#### Source data
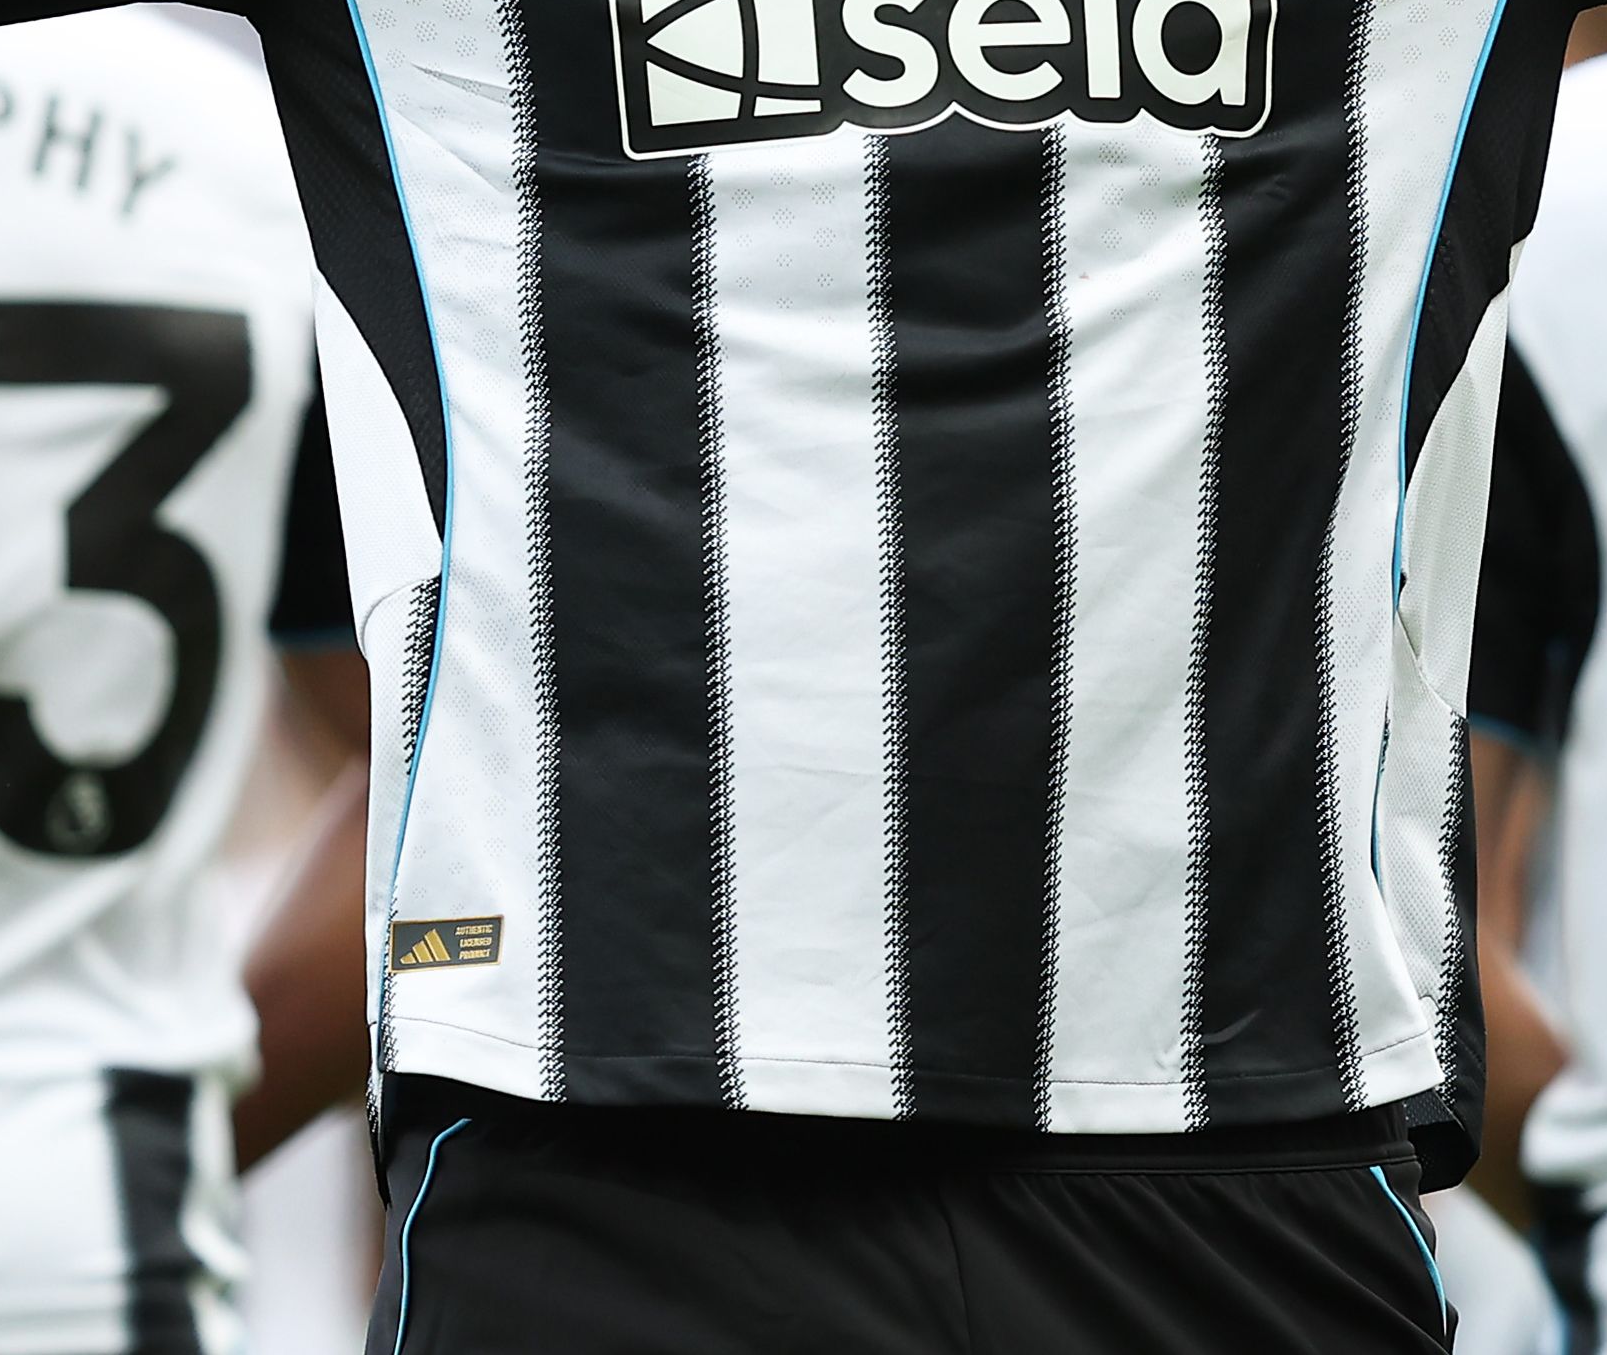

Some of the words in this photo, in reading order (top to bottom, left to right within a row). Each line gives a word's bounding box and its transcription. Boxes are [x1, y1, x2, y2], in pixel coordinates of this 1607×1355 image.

[455, 924, 493, 935] AUTHENTIC
[459, 937, 492, 948] LICENSED
[458, 949, 491, 959] PRODUCT
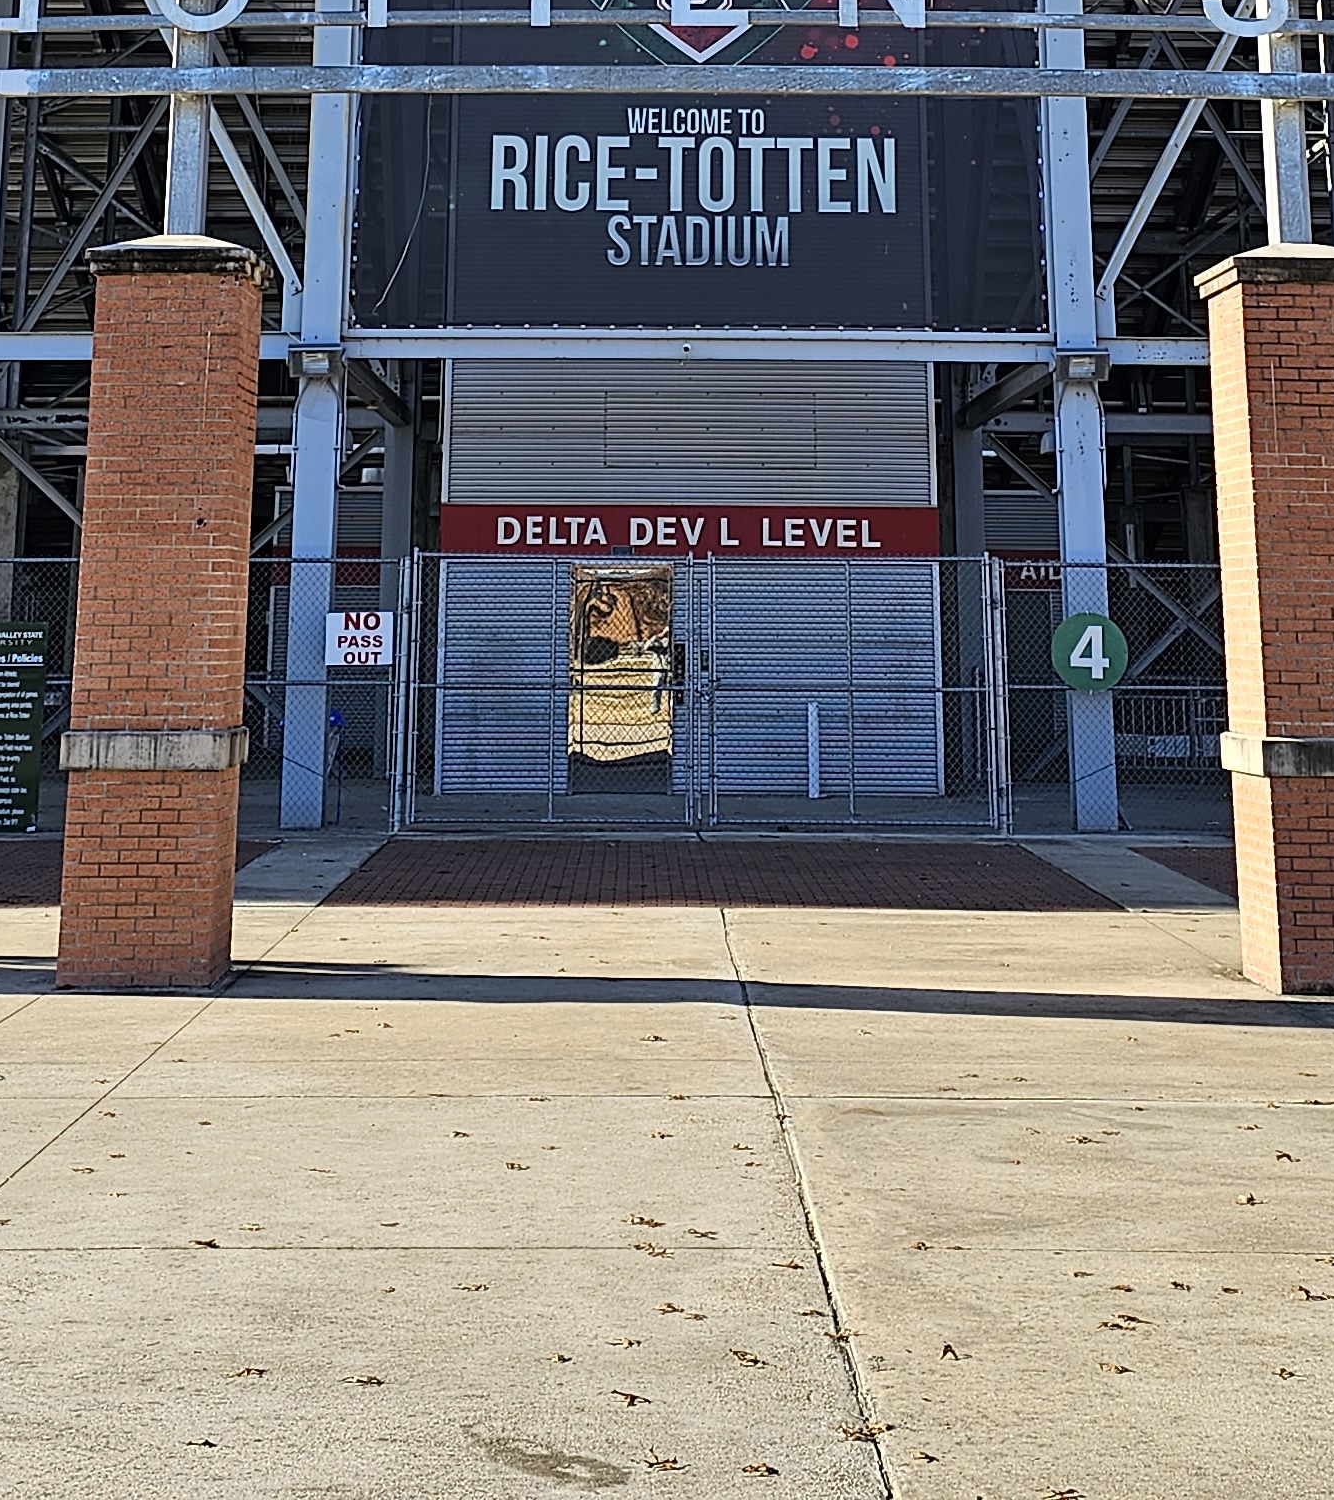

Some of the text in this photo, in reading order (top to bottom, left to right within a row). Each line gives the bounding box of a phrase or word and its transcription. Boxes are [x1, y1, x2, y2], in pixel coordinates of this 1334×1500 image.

[627, 106, 766, 135] WELCOME TO
[489, 134, 898, 214] RICE-TOTTEN
[606, 214, 790, 267] STADIUM
[496, 515, 608, 546] DELTA
[761, 516, 882, 548] LEVEL
[344, 612, 381, 631] NO
[22, 631, 44, 639] STATE
[337, 634, 383, 649] PASS
[12, 652, 44, 663] Policies
[343, 651, 382, 665] OUT
[1069, 625, 1110, 680] 4
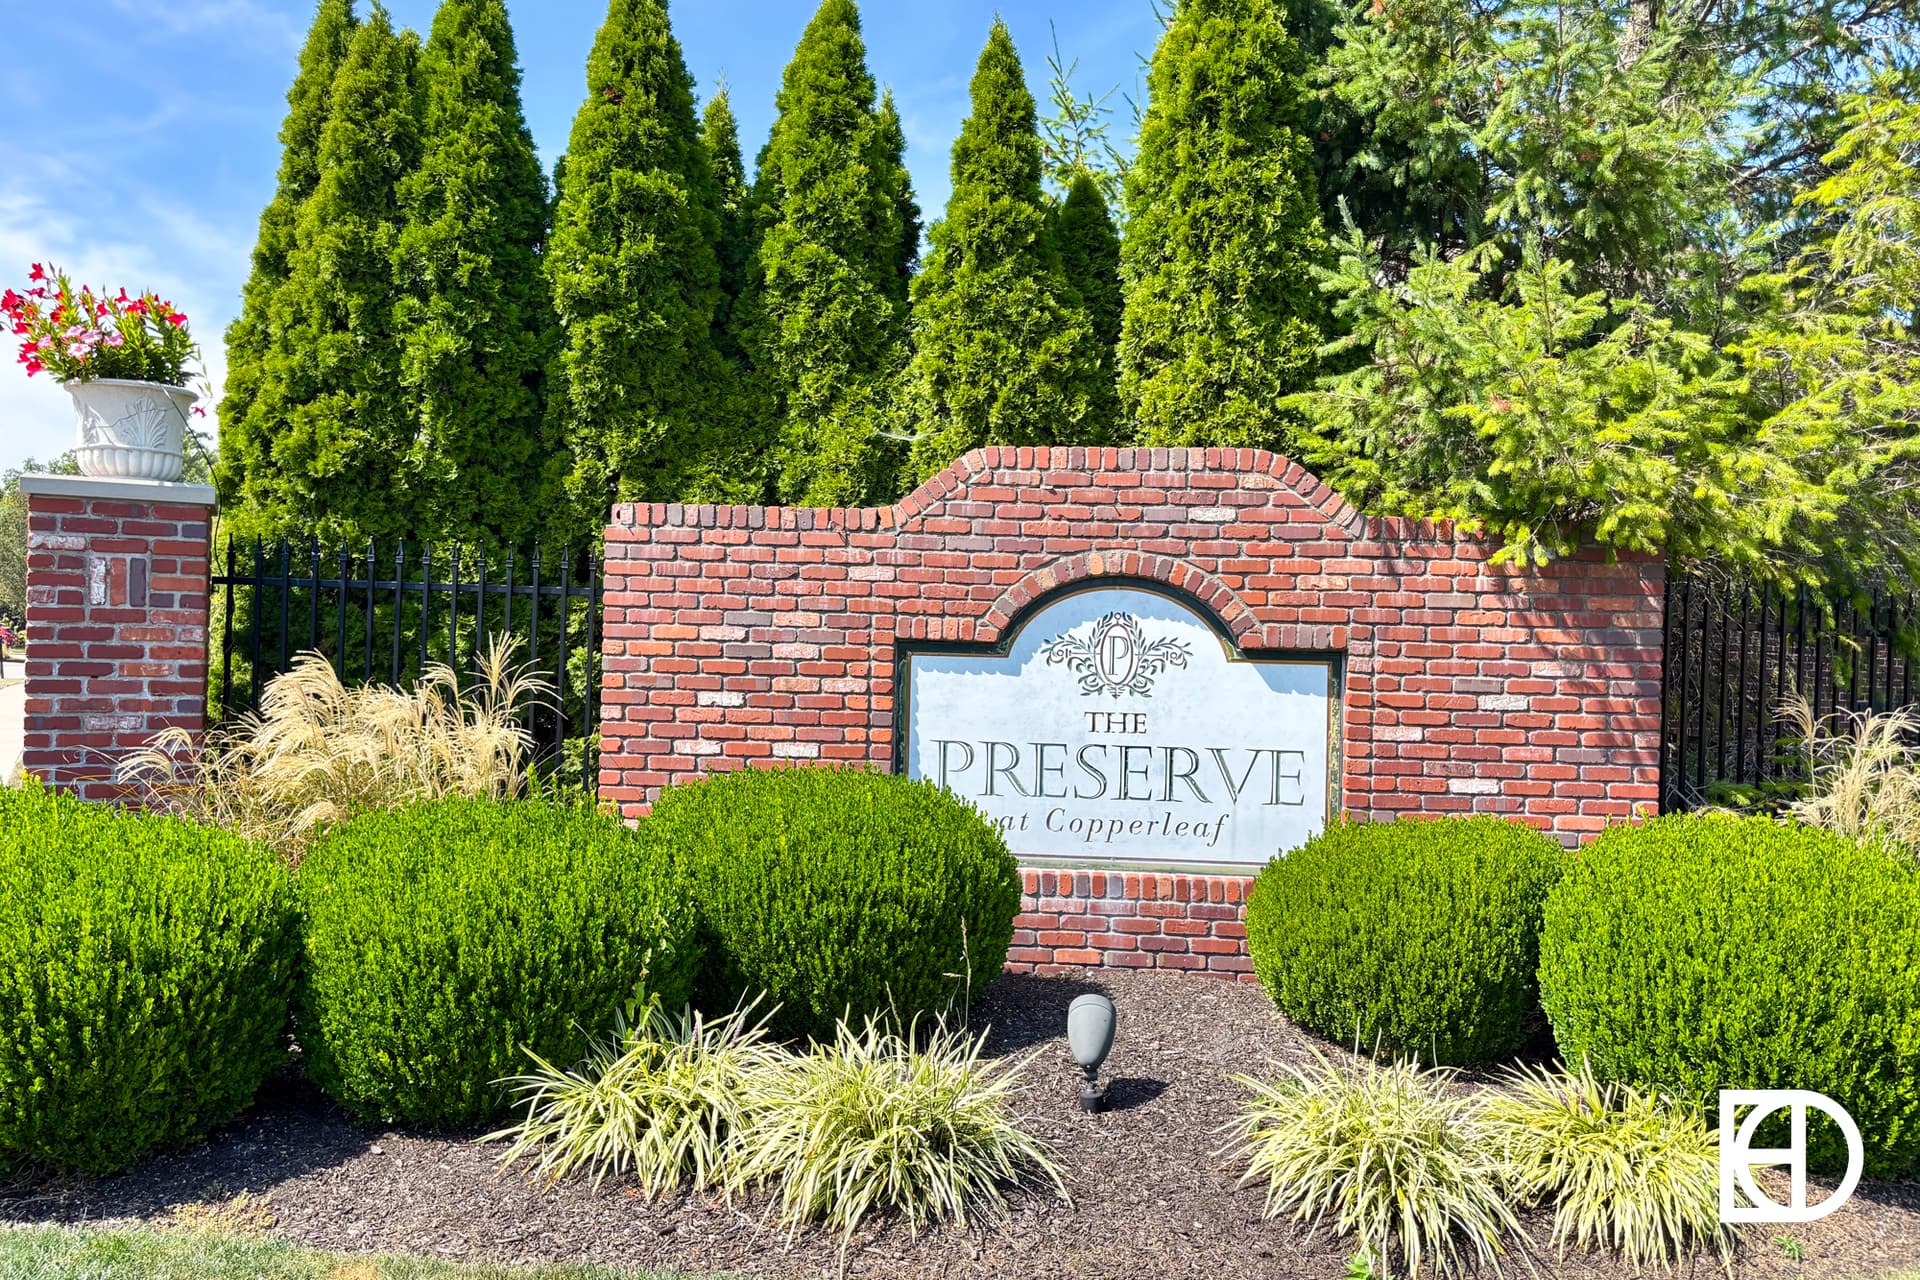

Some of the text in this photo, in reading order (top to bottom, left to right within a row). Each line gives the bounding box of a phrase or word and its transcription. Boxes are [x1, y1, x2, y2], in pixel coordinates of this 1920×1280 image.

[1106, 635, 1129, 676] P
[1083, 711, 1147, 734] THE
[930, 739, 1305, 806] PRESERVE
[999, 807, 1229, 847] at Copperleaf
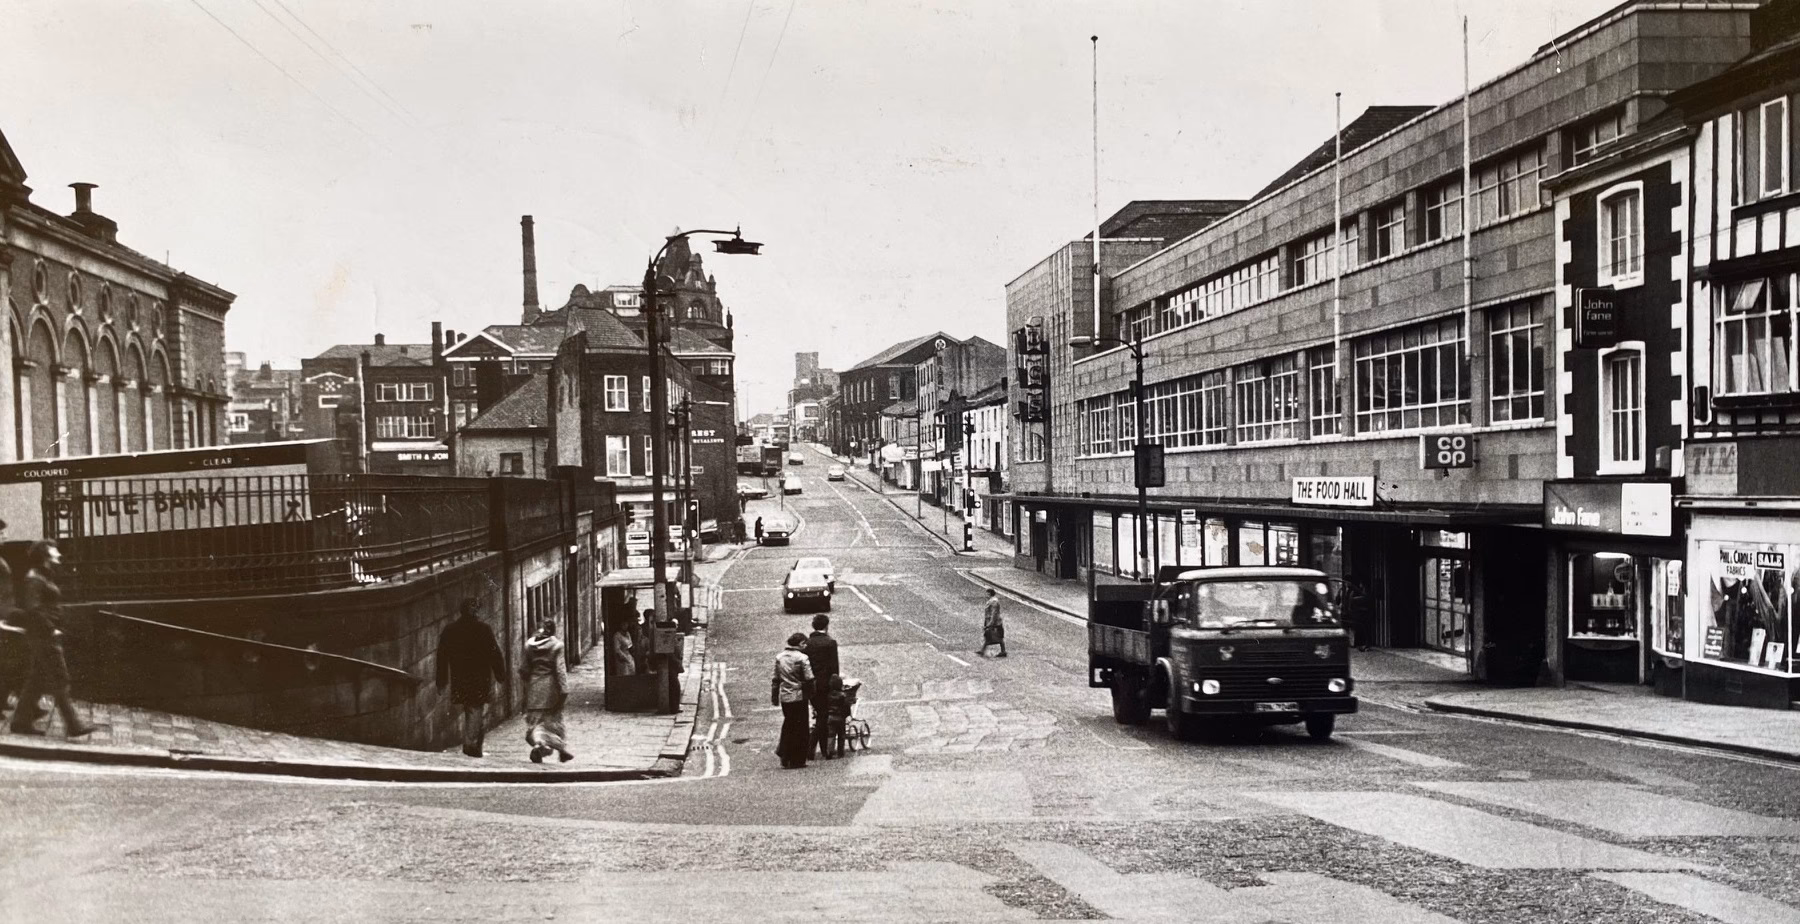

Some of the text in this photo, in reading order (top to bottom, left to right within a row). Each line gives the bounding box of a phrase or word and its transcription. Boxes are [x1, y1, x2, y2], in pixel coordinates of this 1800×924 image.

[1584, 299, 1614, 310] John
[1586, 310, 1612, 321] fane
[202, 457, 233, 467] CLEAR
[398, 453, 422, 461] SMITH
[23, 467, 70, 478] COLOURED
[1297, 481, 1368, 501] THE FOOD HALL
[154, 486, 225, 514] BANK
[1551, 505, 1576, 526] John
[1758, 553, 1782, 567] SALE
[1726, 565, 1746, 576] FABRICS
########
### What you are asked to do
Copy out every line above without change, dropping the pictures.

### Result of the task
Some of the words in this photo, in reading order (top to bottom, left to right within a row). Each line gives a word's bounding box and its transcription. Boxes are [x1, y1, x2, y2], in pixel coordinates of this 1607×1355 image.

[455, 924, 493, 935] AUTHENTIC
[459, 937, 492, 948] LICENSED
[458, 949, 491, 959] PRODUCT

Some of the text in this photo, in reading order (top to bottom, left to right within a row). Each line gives the bounding box of a phrase or word and its transcription. Boxes are [x1, y1, x2, y2], in pixel coordinates of this 1334×1500 image.

[627, 106, 766, 135] WELCOME TO
[489, 134, 898, 214] RICE-TOTTEN
[606, 214, 790, 267] STADIUM
[496, 515, 608, 546] DELTA
[761, 516, 882, 548] LEVEL
[344, 612, 381, 631] NO
[22, 631, 44, 639] STATE
[337, 634, 383, 649] PASS
[12, 652, 44, 663] Policies
[343, 651, 382, 665] OUT
[1069, 625, 1110, 680] 4

Some of the text in this photo, in reading order (top to bottom, left to right within a row). Each line gives the bounding box of a phrase or word and its transcription. Boxes are [x1, y1, x2, y2], in pixel coordinates of this 1920×1280 image.

[1106, 635, 1129, 676] P
[1083, 711, 1147, 734] THE
[930, 739, 1305, 806] PRESERVE
[999, 807, 1229, 847] at Copperleaf

Some of the text in this photo, in reading order (top to bottom, left to right within a row). Each line gives the bounding box of a phrase or word and its transcription. Boxes are [x1, y1, x2, y2], in pixel coordinates of this 1800×924 image.

[1584, 299, 1614, 310] John
[1586, 310, 1612, 321] fane
[202, 457, 233, 467] CLEAR
[398, 453, 422, 461] SMITH
[23, 467, 70, 478] COLOURED
[1297, 481, 1368, 501] THE FOOD HALL
[154, 486, 225, 514] BANK
[1551, 505, 1576, 526] John
[1758, 553, 1782, 567] SALE
[1726, 565, 1746, 576] FABRICS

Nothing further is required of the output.